Le rendez-vous avec un livre obéit souvent à des règles capricieuses : on ouvre celui-ci sans tarder, celui-là, on le réserve à certaines circonstances, à une certaine humeur. Ce que j’avais lu sur L’année de la pensée magique de Joan Didion (2005, traduit de l’anglais (Etats-Unis) par Pierre Demarty) m’avait décidée à la lire, mais quelle était la bonne saison pour entrer dans ce livre de deuil ?
Photo de famille à Malibu, 1976
C’est la catastrophe la plus redoutée : voir disparaître la personne avec qui on partage sa vie. « La vie change vite. La vie change dans l’instant. On s’apprête à dîner et la vie telle qu’on la connaît s’arrête.
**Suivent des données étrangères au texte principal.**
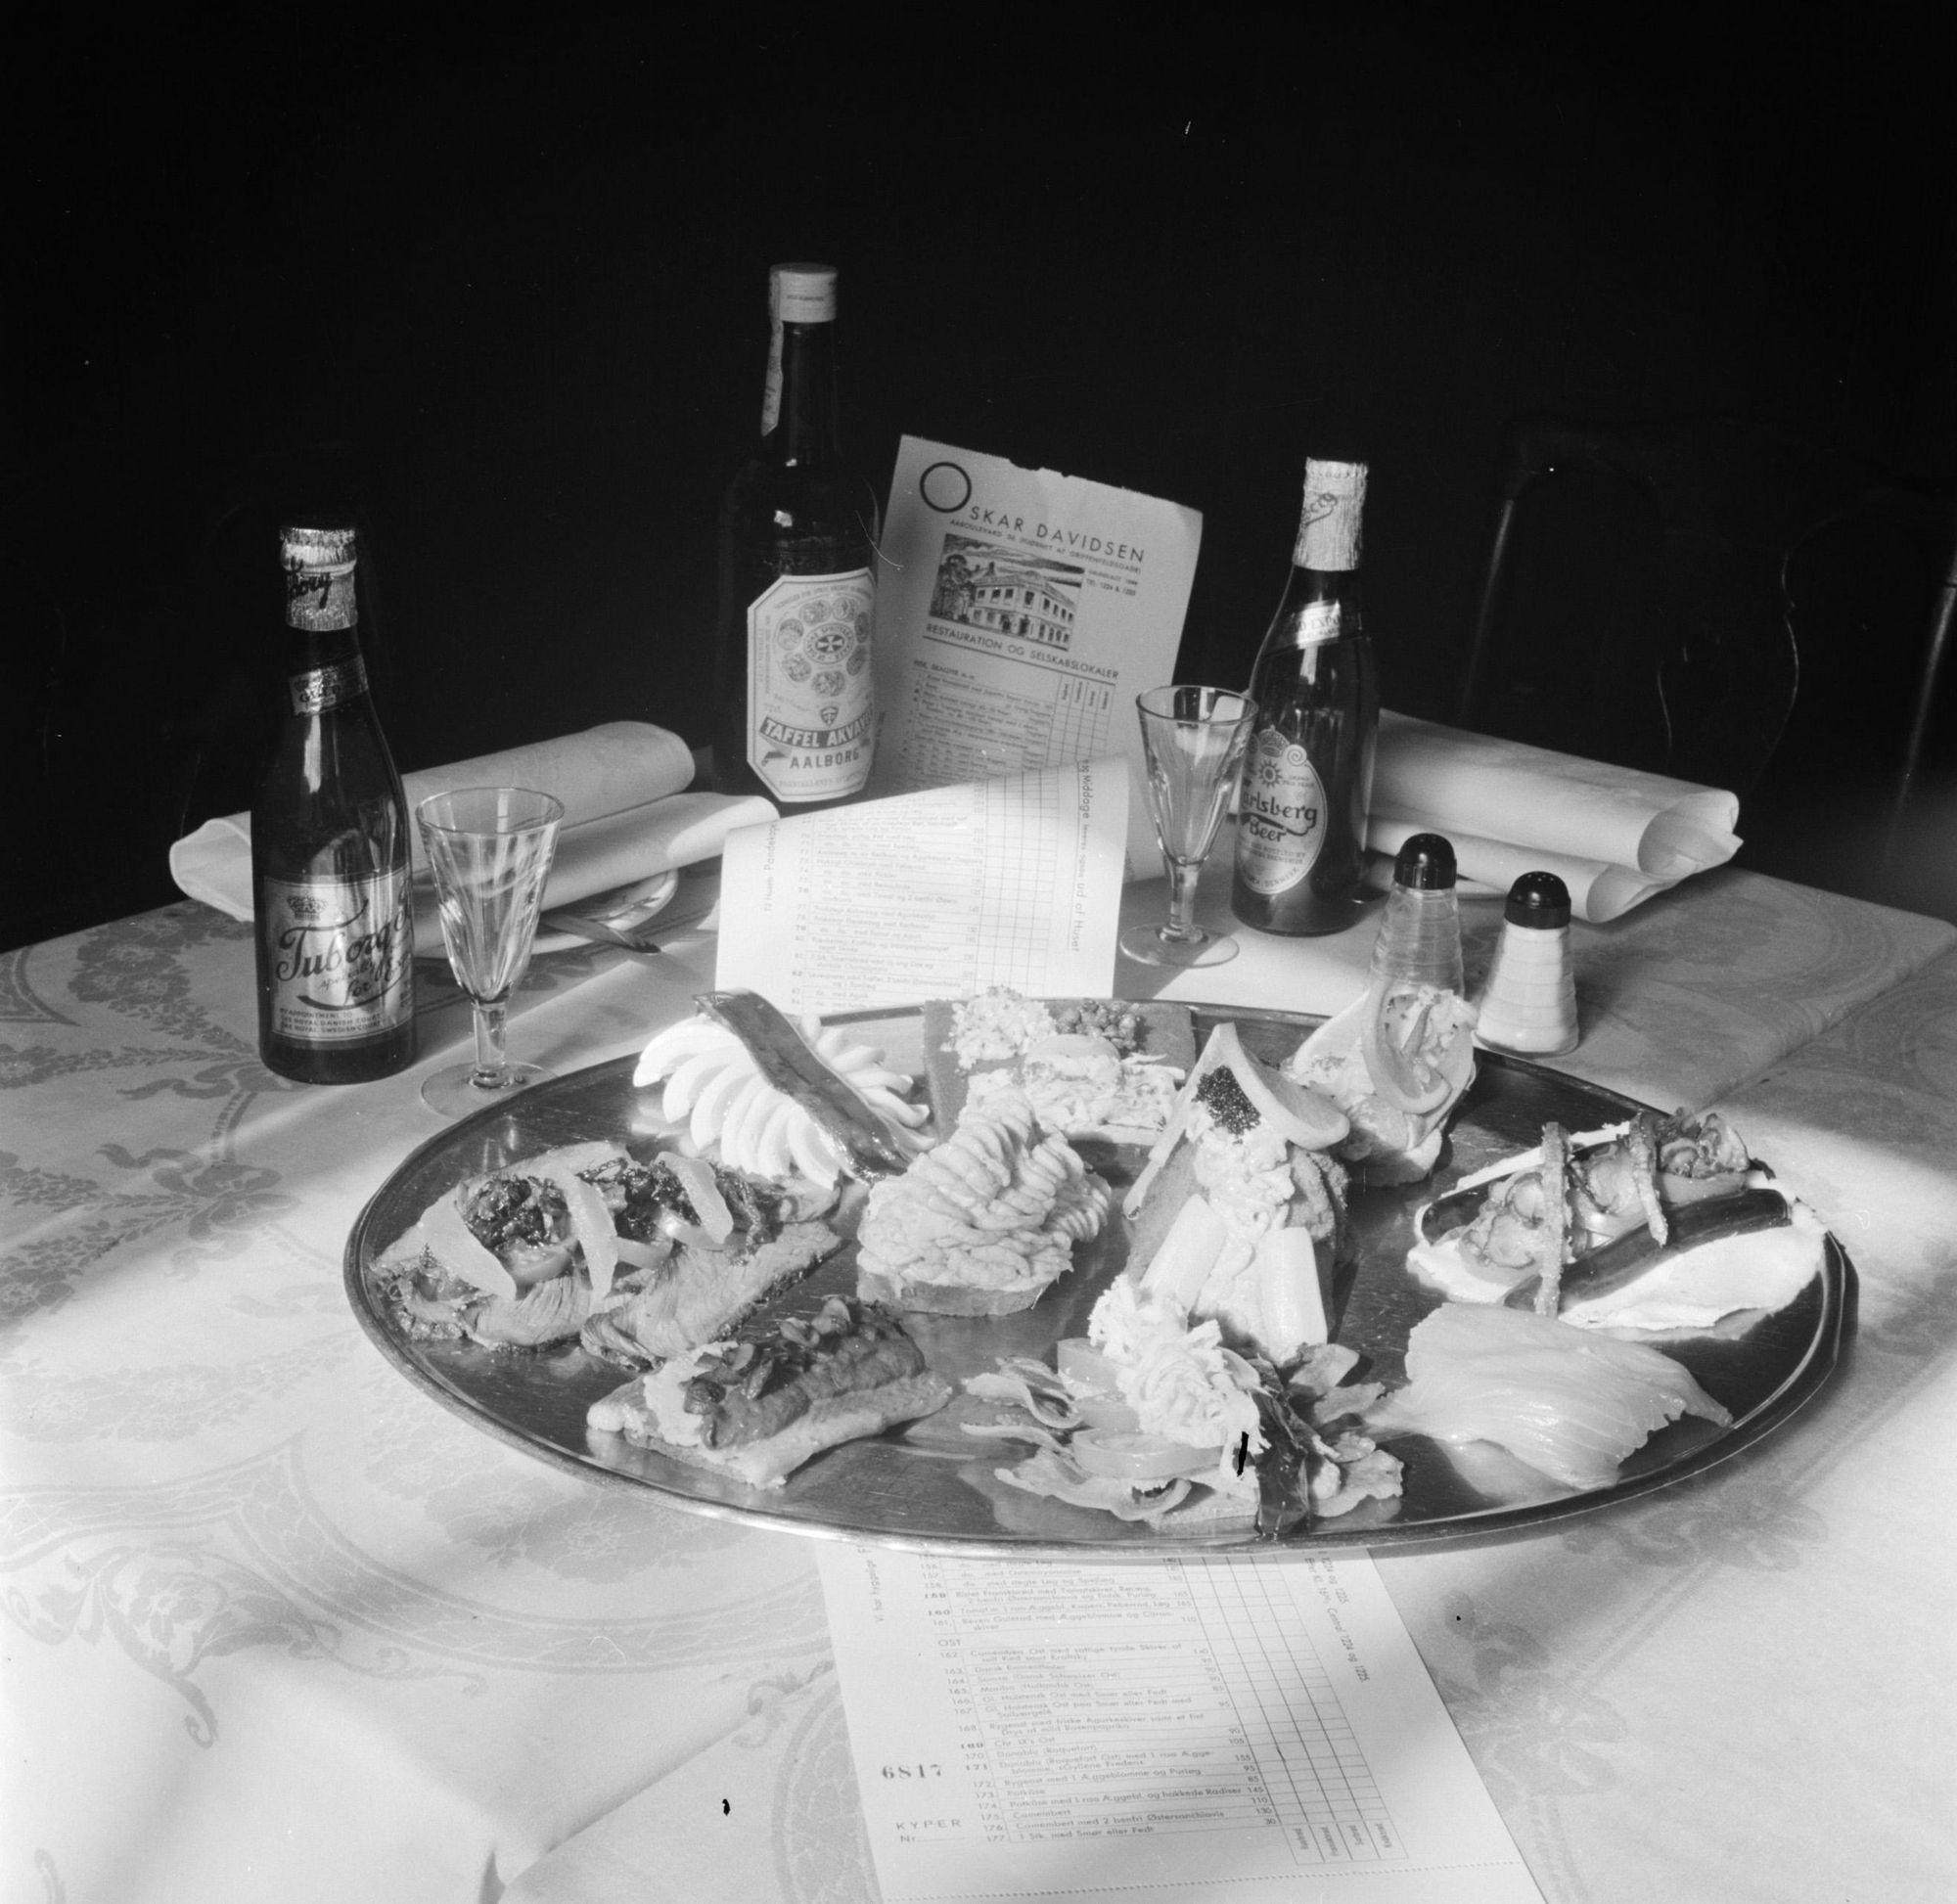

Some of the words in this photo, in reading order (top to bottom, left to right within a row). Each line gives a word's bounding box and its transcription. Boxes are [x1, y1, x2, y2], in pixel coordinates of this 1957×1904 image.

[1036, 523, 1146, 564] DAVIDSEN
[927, 622, 1003, 651] RESTAURATION
[1008, 643, 1025, 657] OG
[1030, 649, 1119, 680] SELSKABSLOKALER
[765, 719, 821, 748] TAFFEL
[790, 748, 860, 769] AALBORG
[1079, 775, 1093, 819] Middage
[1242, 791, 1318, 830] arlsberg
[1249, 818, 1287, 843] Beer
[1077, 883, 1086, 896] ud
[296, 1017, 318, 1025] ROYAL
[320, 1018, 354, 1026] DANISH
[356, 1014, 382, 1024] COURT
[322, 1023, 356, 1033] SWEDISH
[357, 1020, 382, 1031] COURT
[1340, 1635, 1354, 1651] 1224
[1347, 1653, 1358, 1662] og
[1353, 1665, 1370, 1683] 1225
[1122, 1689, 1143, 1698] eller
[1147, 1688, 1167, 1697] Fedt
[1122, 1699, 1144, 1707] eller
[1147, 1698, 1168, 1706] Fedt
[1038, 1736, 1056, 1745] Ost
[1125, 1751, 1147, 1760] med
[882, 1763, 943, 1780] 6817
[1004, 1777, 1044, 1788] Rygeost
[1047, 1774, 1070, 1783] med
[1080, 1770, 1150, 1783] Æggeblomme
[1152, 1769, 1167, 1778] og
[1168, 1766, 1203, 1777] Purløg
[1243, 1764, 1256, 1773] 95
[1051, 1795, 1072, 1805] med
[1146, 1791, 1161, 1801] og
[1161, 1789, 1205, 1798] hakkede
[1205, 1786, 1243, 1795] Radiser
[1247, 1786, 1265, 1794] 145
[1012, 1809, 1071, 1820] Camembert
[1251, 1796, 1269, 1805] 110
[895, 1818, 962, 1831] KYPER
[1015, 1819, 1074, 1831] Camembert
[1077, 1817, 1100, 1827] med
[1113, 1814, 1144, 1825] benfri
[1146, 1810, 1226, 1824] Østersanchiovis
[1050, 1829, 1073, 1838] med
[1074, 1827, 1104, 1837] Smør
[1105, 1825, 1128, 1835] eller
[1131, 1823, 1156, 1833] Fedt
La question de l’apitoiement. » Ces phrases ouvrent le récit de Joan Didion, les premiers mots qu’elle a écrits après la mort de son mari, John Gregory Dunne, le 30 décembre 2003, vers neuf heures du soir, victime d’une attaque coronarienne, à la table où ils allaient dîner.
Comment cela s’est-il passé ? Comment un instant « ordinaire » devient-il autre chose, qu’on n’a jamais connu ? Joan Didion veut rendre au plus près ce bouleversement dont on n’a aucune idée, quand bien même on l’a observé chez d’autres. Ce n’est pas du tout un livre de lamentations, de regrets, c’est une approche de l’indicible expérience de la perte, un effort de compréhension, un exercice nécessaire pour elle, une manière de reprendre sa vie en main : raconter une année sans lui.
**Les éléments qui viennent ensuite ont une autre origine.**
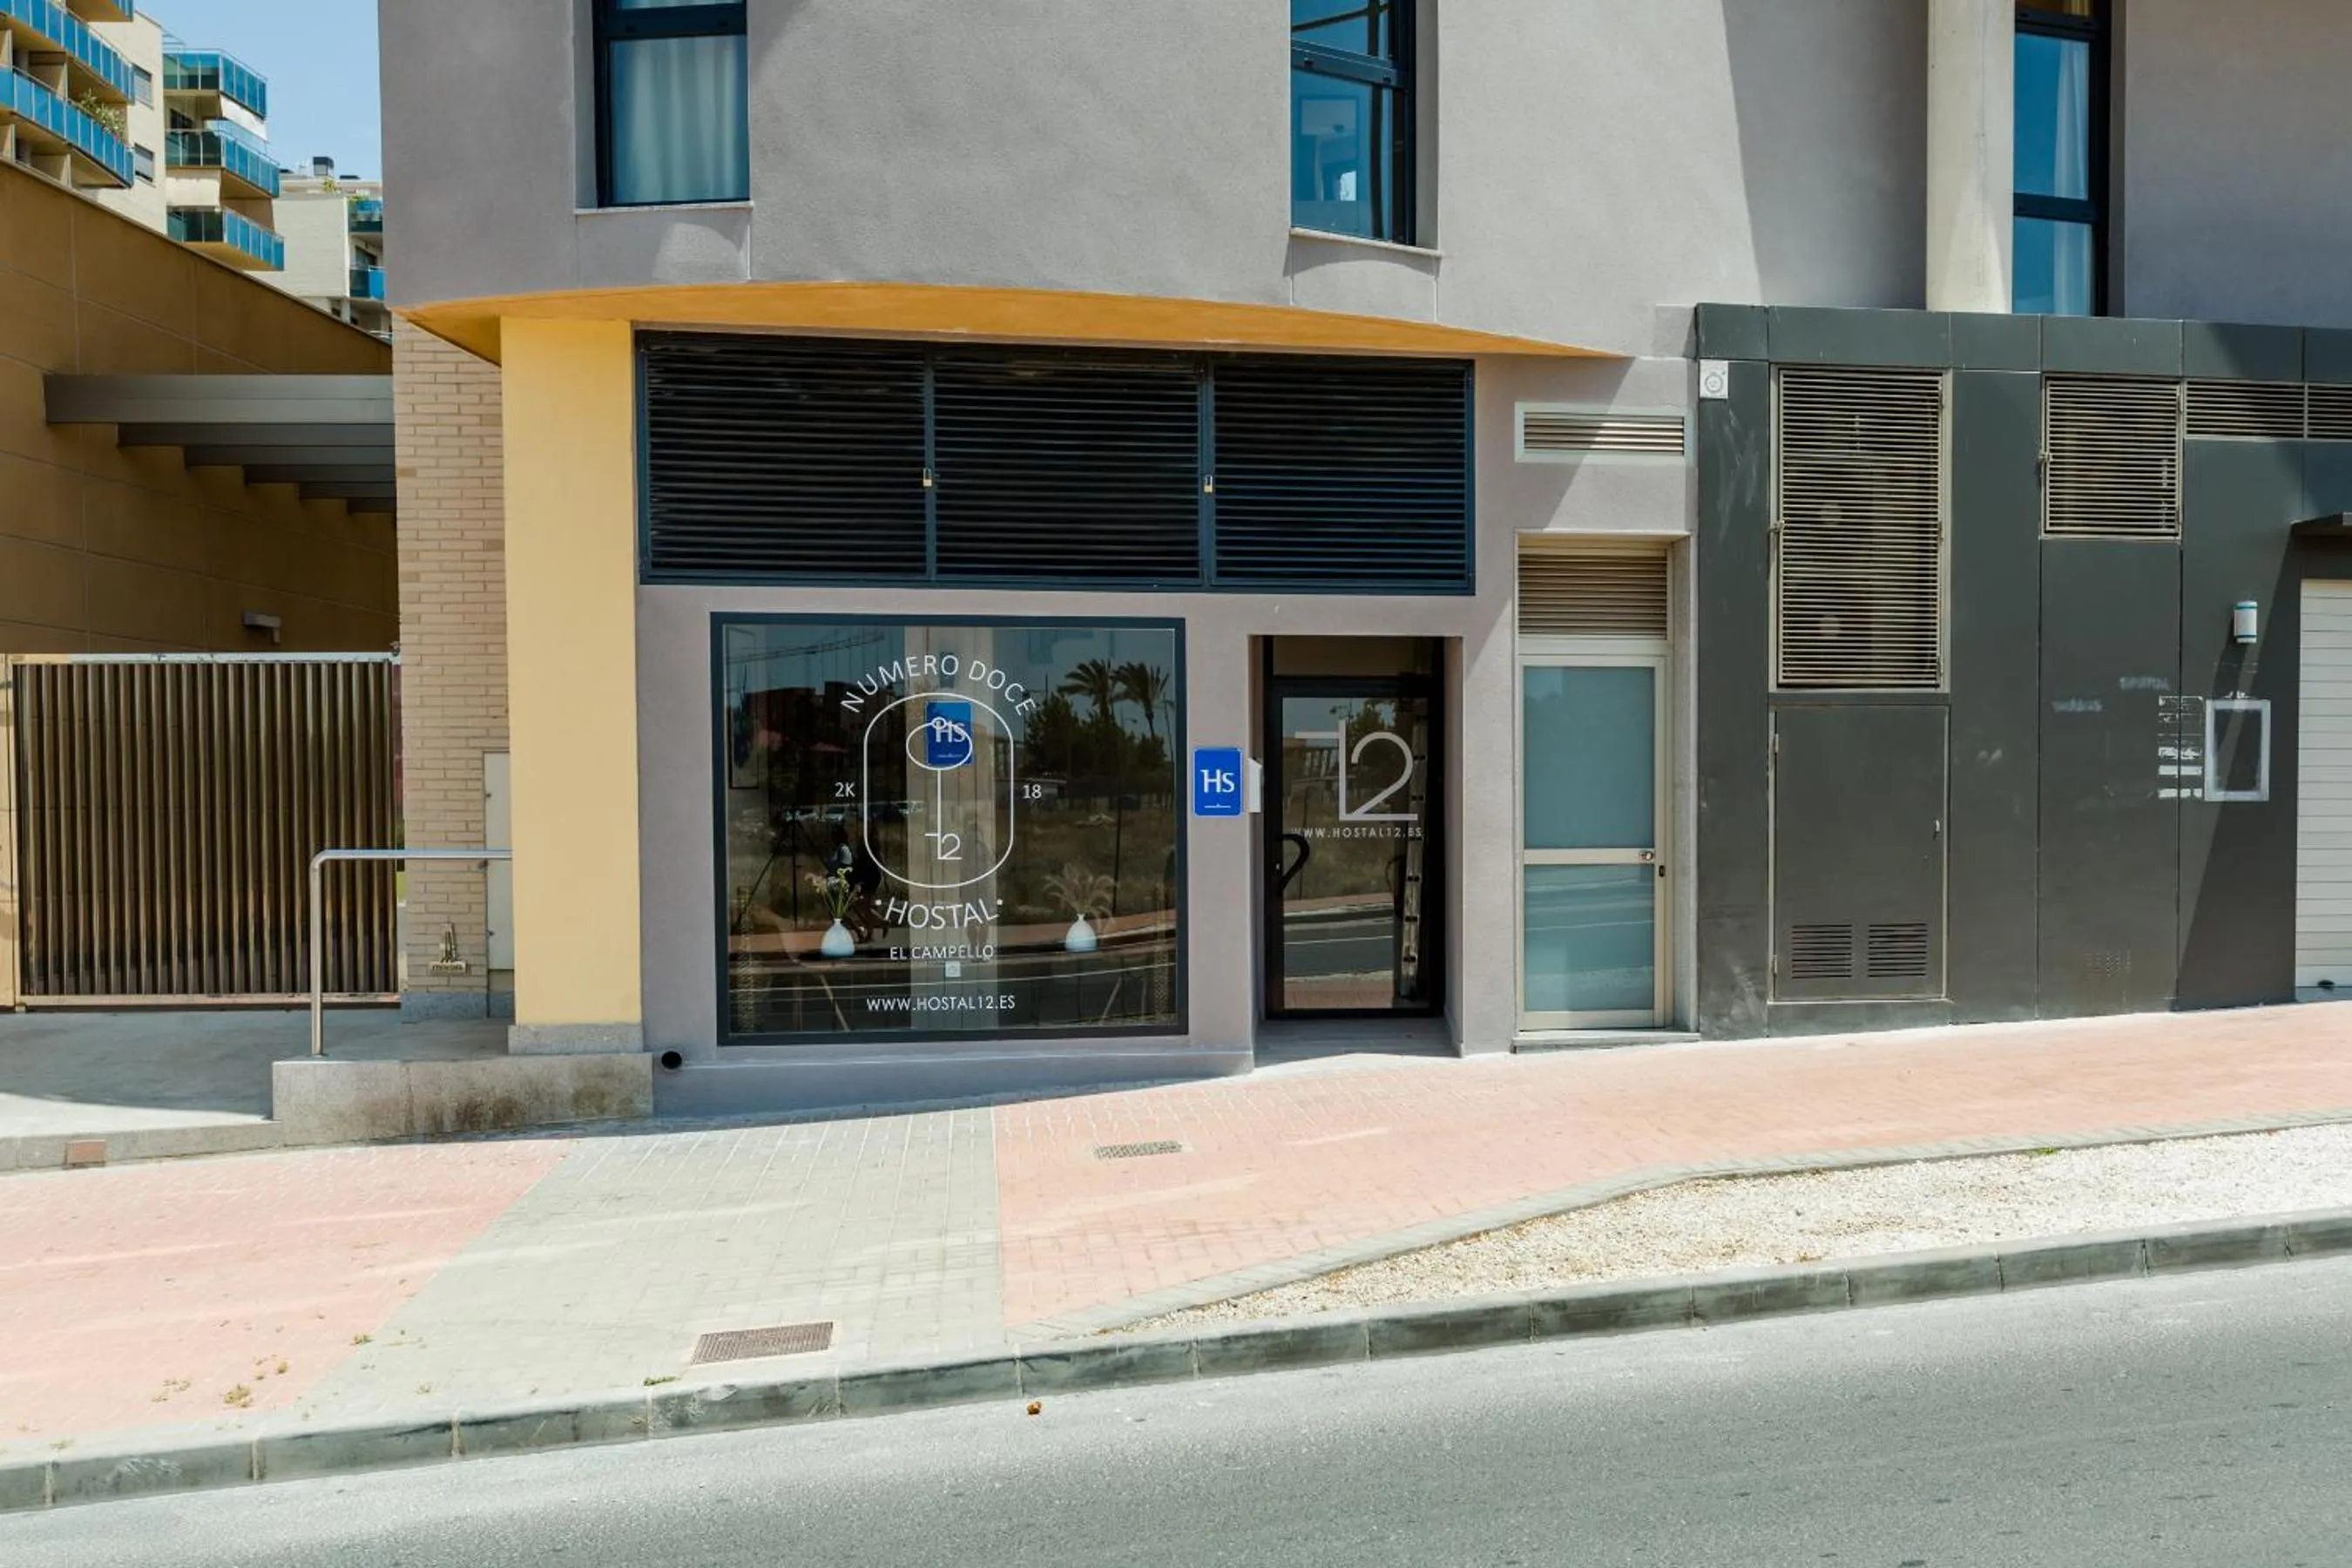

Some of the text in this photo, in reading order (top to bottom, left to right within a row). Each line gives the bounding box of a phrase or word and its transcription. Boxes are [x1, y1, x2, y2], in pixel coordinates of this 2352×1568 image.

[840, 654, 1036, 716] NUMERO DOCE
[1294, 719, 1418, 821] 12
[834, 781, 855, 798] 2K
[1023, 783, 1042, 800] 18
[885, 896, 999, 929] HOSTAL
[889, 944, 995, 960] EL CAMPELLO
[866, 995, 1016, 1012] WWW.HOSTAL12.ES
Quintana, leur fille, était depuis cinq jours aux soins intensifs pour une grippe sévère qui avait dégénéré brusquement en pneumonie. Ce mardi soir, ils venaient de rentrer de l’hôpital, John avait lu pendant qu’elle préparait le dîner, ils s’étaient assis à table. « John parlait – puis ne parla plus. »
Joan Didion est à la recherche des moindres faits, paroles, gestes qui ont précédé et suivi la crise fatale, l’appel des secours, l’intervention médicale sur place, puis aux urgences. Etrange de ne plus pouvoir en discuter avec John. « Parce que nous étions tous deux écrivains et travaillions tous deux à la maison, nos journées étaient rythmées par le son de nos voix. » Alors, ce silence, quand elle est rentrée du New York Hospital…
Pour sortir de la confusion, Joan Didion se documente : registre des concierges de l’immeuble, certificat de décès, rapport d’autopsie. Des souvenirs surgissent, qui semblent des présages, comme quand il lui avait demandé récemment de noter quelque chose pour lui puis ajouté : « Tu peux t’en servir si tu veux. » – « Que voulait-il dire ? Savait-il qu’il n’écrirait pas son livre ? »
« L’affliction ne connaît pas la distance. L’affliction se manifeste par vagues, par de brusques élans, des appréhensions soudaines qui font fléchir les genoux, aveuglent le regard et annihilent le cours de la vie normale. » Une amie est venue ce soir-là, a donné des coups de téléphone, a proposé de rester, mais elle a refusé. « J’avais besoin d’être seule pour qu’il puisse revenir. Ainsi commença pour moi l’année de la pensée magique. »
Joan Didion lit Freud, Melanie Klein, vide des étagères – « c’était ce qu’on faisait après la mort de quelqu’un » – bloque sur les chaussures – « il aurait besoin de chaussures, s’il revenait ». Les failles dans son raisonnement ne cessent de l’intriguer, même si en apparence, elle se comporte « de manière tout à fait rationnelle ». L’incinération, reportée en attendant que sa fille soit capable de participer à la cérémonie, aura lieu presque trois mois après la mort de John, en mars.
« Quand les temps sont difficiles, m’avait-on enseigné depuis toute petite, lis, apprends, révise, va aux textes. Savoir, c’était contrôler. » Les écrits sur le chagrin du deuil, si banal, ne sont pourtant pas si nombreux. Des poètes la réconfortent : « Rien ne me paraissait plus exact que ces poèmes et ces danses des ombres. » Elle lit des essais, des études « incontournables » sur le deuil « normal » ou « pathologique ». Elle réfléchit.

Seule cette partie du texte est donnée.